> _Provided records_
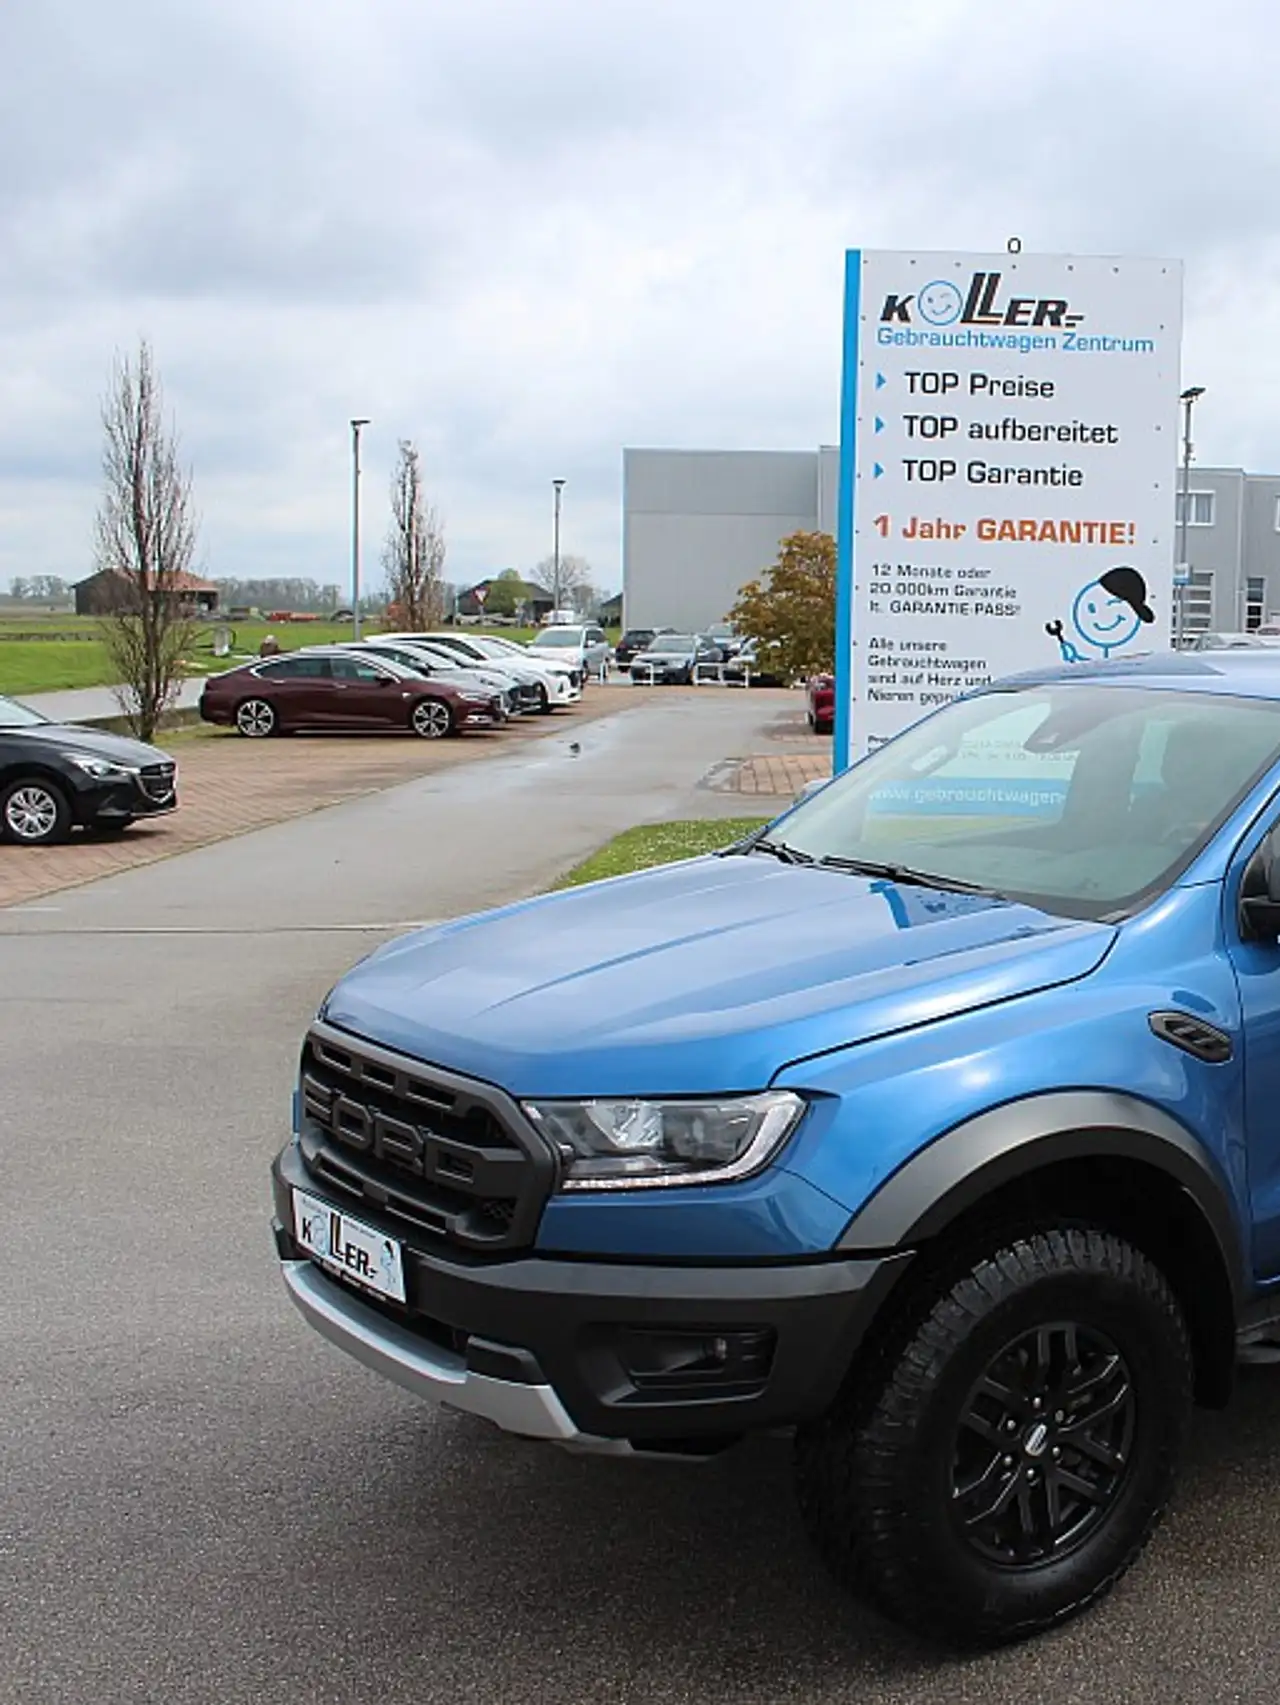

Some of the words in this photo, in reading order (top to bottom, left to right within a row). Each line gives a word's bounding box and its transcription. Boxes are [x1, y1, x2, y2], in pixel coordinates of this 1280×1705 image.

[877, 327, 1056, 353] Gebrauchtwagen
[1062, 332, 1154, 352] Zentrum
[905, 372, 959, 395] TOP
[969, 373, 1055, 398] Preise
[903, 416, 958, 438] TOP
[968, 418, 1119, 444] aufbereitet
[902, 460, 957, 482] TOP
[966, 461, 1084, 486] Garantie
[873, 515, 890, 538] 1
[902, 517, 967, 540] Jahr
[976, 519, 1136, 545] GARANTIE!
[872, 564, 892, 576] 12
[897, 565, 952, 579] Monate
[957, 568, 992, 579] oder
[954, 585, 1017, 598] Garantie
[869, 637, 895, 651] Alle
[899, 641, 948, 651] unsere
[867, 655, 987, 672] Gebrauchtwagen
[868, 673, 896, 684] sind
[928, 674, 962, 686] Herz
[304, 1073, 475, 1190] FORD
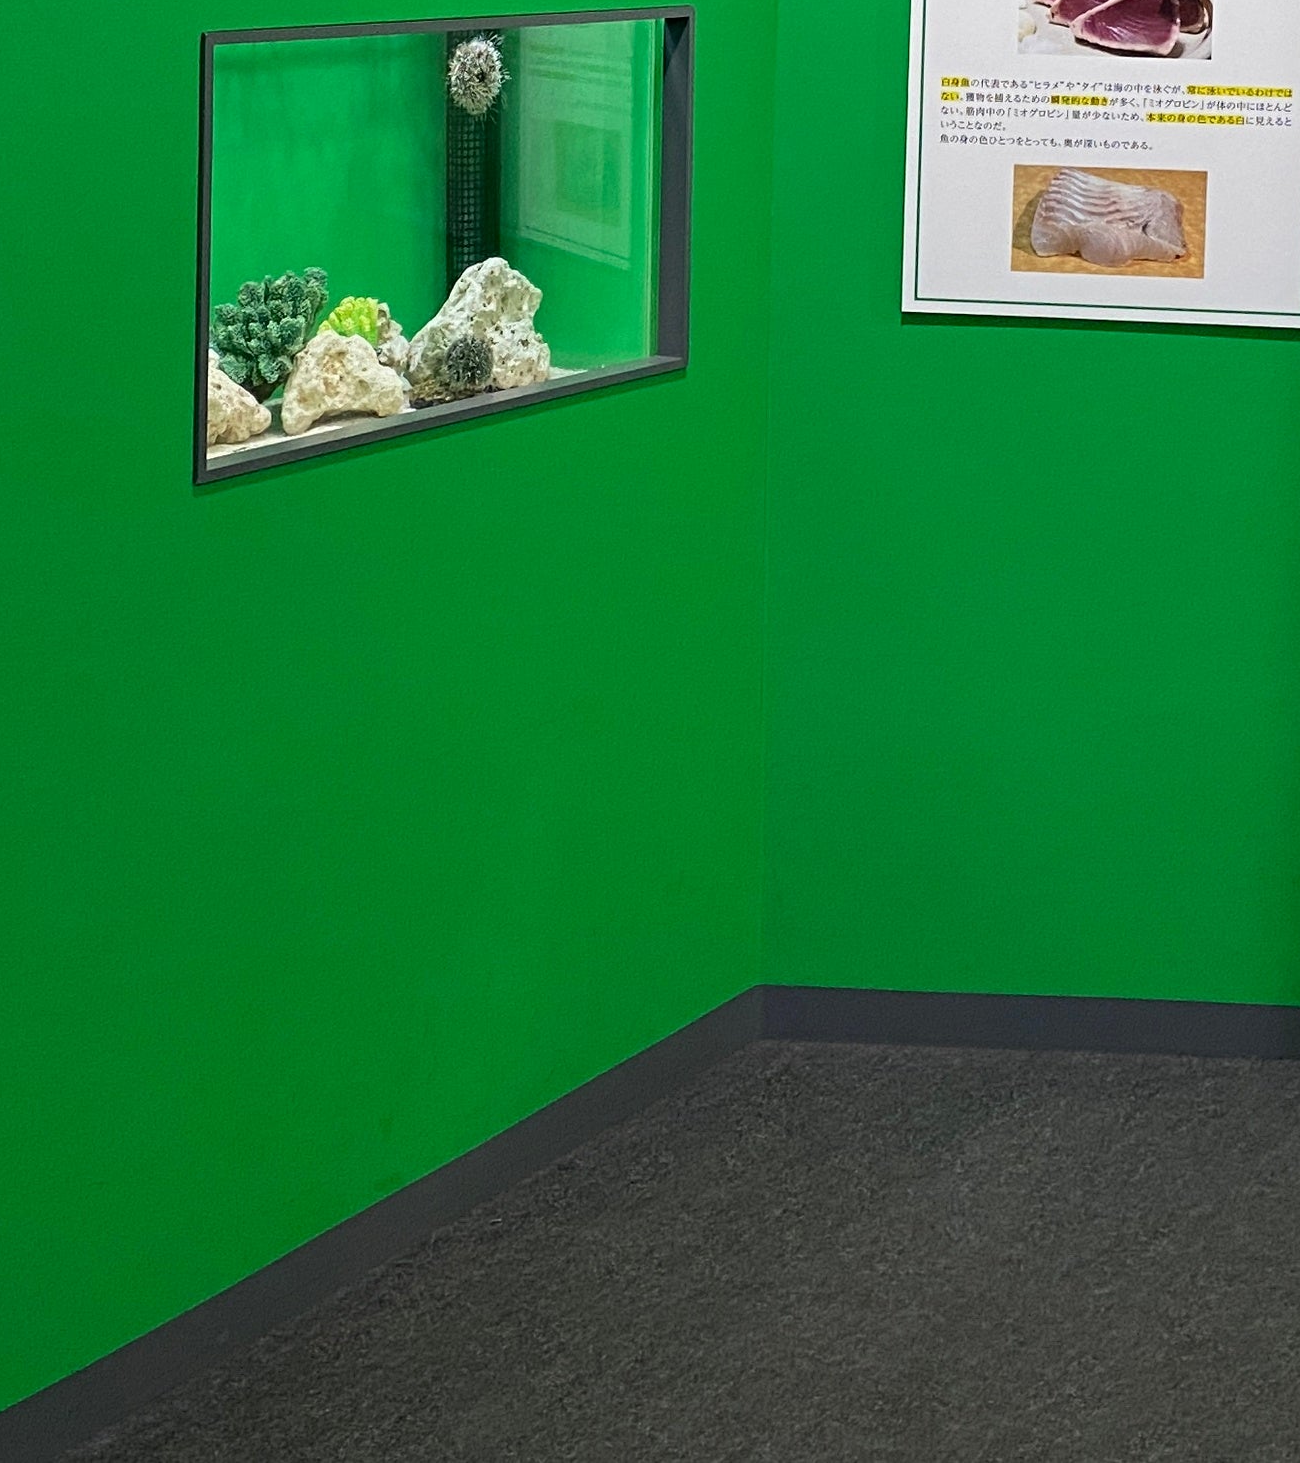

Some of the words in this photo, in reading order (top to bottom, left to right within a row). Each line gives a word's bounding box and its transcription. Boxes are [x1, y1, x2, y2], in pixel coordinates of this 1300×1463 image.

[940, 119, 1007, 132] いうことなのだ。
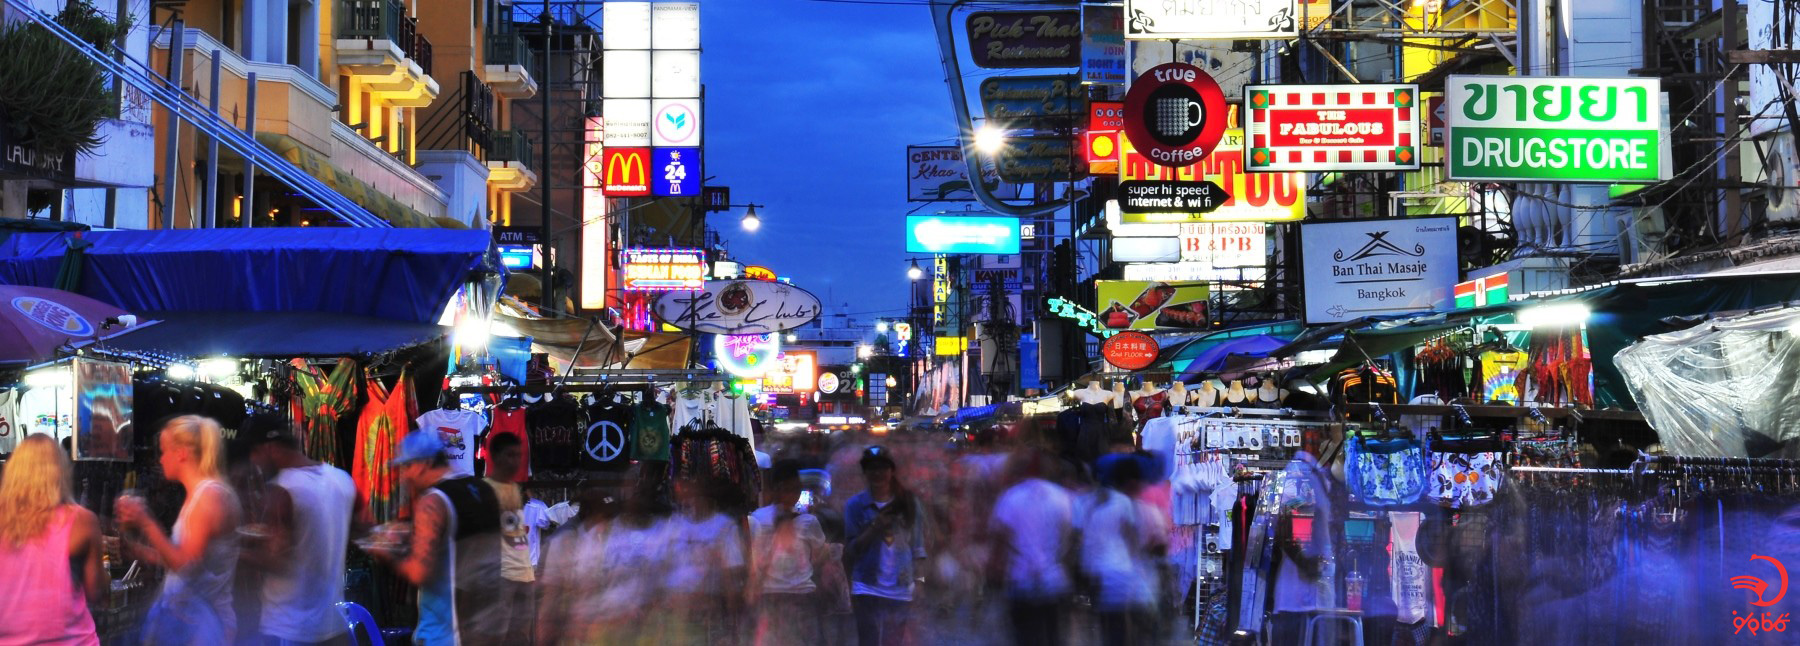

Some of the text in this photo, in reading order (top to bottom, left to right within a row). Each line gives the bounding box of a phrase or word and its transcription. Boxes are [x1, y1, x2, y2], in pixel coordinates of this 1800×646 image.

[987, 41, 1070, 59] Restaurant
[1155, 68, 1196, 83] true
[1463, 83, 1648, 123] ขายยา
[1317, 111, 1346, 120] THE
[1280, 122, 1384, 135] FABULOUS
[911, 151, 963, 163] CENTE
[1151, 146, 1203, 162] coffee
[1463, 137, 1648, 169] DRUGSTORE
[664, 165, 686, 180] 24
[912, 164, 957, 179] Khao
[1126, 151, 1298, 207] TTTOO
[1128, 184, 1210, 197] super hi speed
[1128, 196, 1212, 208] internet & wi fi
[500, 232, 523, 241] ATM
[1187, 237, 1200, 251] B
[1207, 239, 1218, 251] &
[1332, 260, 1427, 277] Ban Thai Masaje
[1357, 288, 1406, 301] Bangkok
[673, 292, 812, 324] The Club
[1115, 342, 1147, 351] 日本料理
[840, 371, 857, 379] OPE

> _Goal of the exercise_
Your answer should be the lines from the one containing "Some of the text" through the end of the records, both included, output exactly and with nothing added.

> _Your response_
Some of the text in this photo, in reading order (top to bottom, left to right within a row). Each line gives the bounding box of a phrase or word and its transcription. Boxes are [x1, y1, x2, y2], in pixel coordinates of this 1800×646 image.

[987, 41, 1070, 59] Restaurant
[1155, 68, 1196, 83] true
[1463, 83, 1648, 123] ขายยา
[1317, 111, 1346, 120] THE
[1280, 122, 1384, 135] FABULOUS
[911, 151, 963, 163] CENTE
[1151, 146, 1203, 162] coffee
[1463, 137, 1648, 169] DRUGSTORE
[664, 165, 686, 180] 24
[912, 164, 957, 179] Khao
[1126, 151, 1298, 207] TTTOO
[1128, 184, 1210, 197] super hi speed
[1128, 196, 1212, 208] internet & wi fi
[500, 232, 523, 241] ATM
[1187, 237, 1200, 251] B
[1207, 239, 1218, 251] &
[1332, 260, 1427, 277] Ban Thai Masaje
[1357, 288, 1406, 301] Bangkok
[673, 292, 812, 324] The Club
[1115, 342, 1147, 351] 日本料理
[840, 371, 857, 379] OPE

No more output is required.